At the core, Henderson argues that BLM is a social movement, which is about more than just a moment.
“Black Lives Matter is a social movement that is awakening America to the way it has treated Black people for years,” Henderson said.
In addition to being a forum for learning and open discussion, Dr. Monroe’s class is also about action.
“We are all sitting here because we have the heart to be agents of change,” Dr. Monroe tells her students. “So how are we going to act?”
Dr. Monroe, Lloyd Henderson, and Dr. Monroe’s students all emphasize the importance of taking this class for all students.
“You should take this class,” Dr. Henderson said. “From my point of view, because you want to make a difference. You want to make a change.”
“I saw this class and I immediately picked it,” one student recalls. “There was no question.”
Green strongly recommends this class as important for all Rowan students.
“I feel as though everyone, no matter the color, age, race or sex should learn about the BLM movement and the Black culture because Black culture is American culture and Black history is America’s history,” Green said.
Psychology major Jada Talley, a freshman, encourages students to take this class so that they can get more in tune with themselves and the world through a different view.
“ALL students are welcome to take my course. I encourage students to read the course description, review the course syllabus, ask students that have already taken the course about their experience in the class and reach out to me directly with any questions that they may have.” Dr.

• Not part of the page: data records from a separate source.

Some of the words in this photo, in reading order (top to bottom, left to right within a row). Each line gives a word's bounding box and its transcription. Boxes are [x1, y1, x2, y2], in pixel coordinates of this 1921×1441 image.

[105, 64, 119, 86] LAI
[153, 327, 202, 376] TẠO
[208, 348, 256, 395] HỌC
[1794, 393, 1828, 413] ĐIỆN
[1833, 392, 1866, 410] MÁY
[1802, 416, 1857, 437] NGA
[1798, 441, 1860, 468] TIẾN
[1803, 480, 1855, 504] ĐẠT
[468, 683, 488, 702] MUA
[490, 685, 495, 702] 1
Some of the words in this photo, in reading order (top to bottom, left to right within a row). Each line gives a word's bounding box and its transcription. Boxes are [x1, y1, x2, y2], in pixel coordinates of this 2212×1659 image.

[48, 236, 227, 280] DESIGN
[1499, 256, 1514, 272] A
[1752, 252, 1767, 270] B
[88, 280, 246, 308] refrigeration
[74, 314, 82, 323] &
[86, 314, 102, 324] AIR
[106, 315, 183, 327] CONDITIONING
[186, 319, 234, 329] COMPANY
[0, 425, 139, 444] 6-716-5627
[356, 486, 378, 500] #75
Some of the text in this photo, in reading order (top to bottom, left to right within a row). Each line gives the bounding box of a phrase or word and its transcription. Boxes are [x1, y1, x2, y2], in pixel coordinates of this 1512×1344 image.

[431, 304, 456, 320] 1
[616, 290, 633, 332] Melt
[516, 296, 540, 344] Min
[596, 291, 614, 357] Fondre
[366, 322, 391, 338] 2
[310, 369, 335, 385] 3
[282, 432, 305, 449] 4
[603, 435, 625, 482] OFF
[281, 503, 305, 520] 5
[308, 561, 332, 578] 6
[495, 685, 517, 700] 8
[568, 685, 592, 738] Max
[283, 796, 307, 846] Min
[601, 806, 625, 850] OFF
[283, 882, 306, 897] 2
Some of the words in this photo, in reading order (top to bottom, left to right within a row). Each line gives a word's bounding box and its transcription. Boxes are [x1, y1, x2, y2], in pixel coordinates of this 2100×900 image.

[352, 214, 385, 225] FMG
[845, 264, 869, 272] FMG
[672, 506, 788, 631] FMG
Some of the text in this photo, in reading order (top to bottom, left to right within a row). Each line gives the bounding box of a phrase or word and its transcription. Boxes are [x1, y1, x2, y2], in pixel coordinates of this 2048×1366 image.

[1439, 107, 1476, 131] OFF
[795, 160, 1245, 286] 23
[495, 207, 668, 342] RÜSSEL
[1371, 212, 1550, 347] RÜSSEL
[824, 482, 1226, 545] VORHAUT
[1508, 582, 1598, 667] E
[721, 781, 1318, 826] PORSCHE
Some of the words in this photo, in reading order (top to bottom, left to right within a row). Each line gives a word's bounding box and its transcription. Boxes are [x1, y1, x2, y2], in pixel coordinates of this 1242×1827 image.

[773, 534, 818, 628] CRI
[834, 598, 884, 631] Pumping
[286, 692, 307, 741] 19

Monroe said.
The course, entitled “TPS: Black Lives Matter,” carries no prerequisites or corequisites, according to the Self-Service banner.
The course description states that this course “introduces students to in-depth historical analysis of a selected theme, including work with scholarly sources, intensive writing, and class discussion.”
Offered every Fall semester, this course gives students an opportunity to earn credits towards a major or minor in Africana Studies, or as a free elective.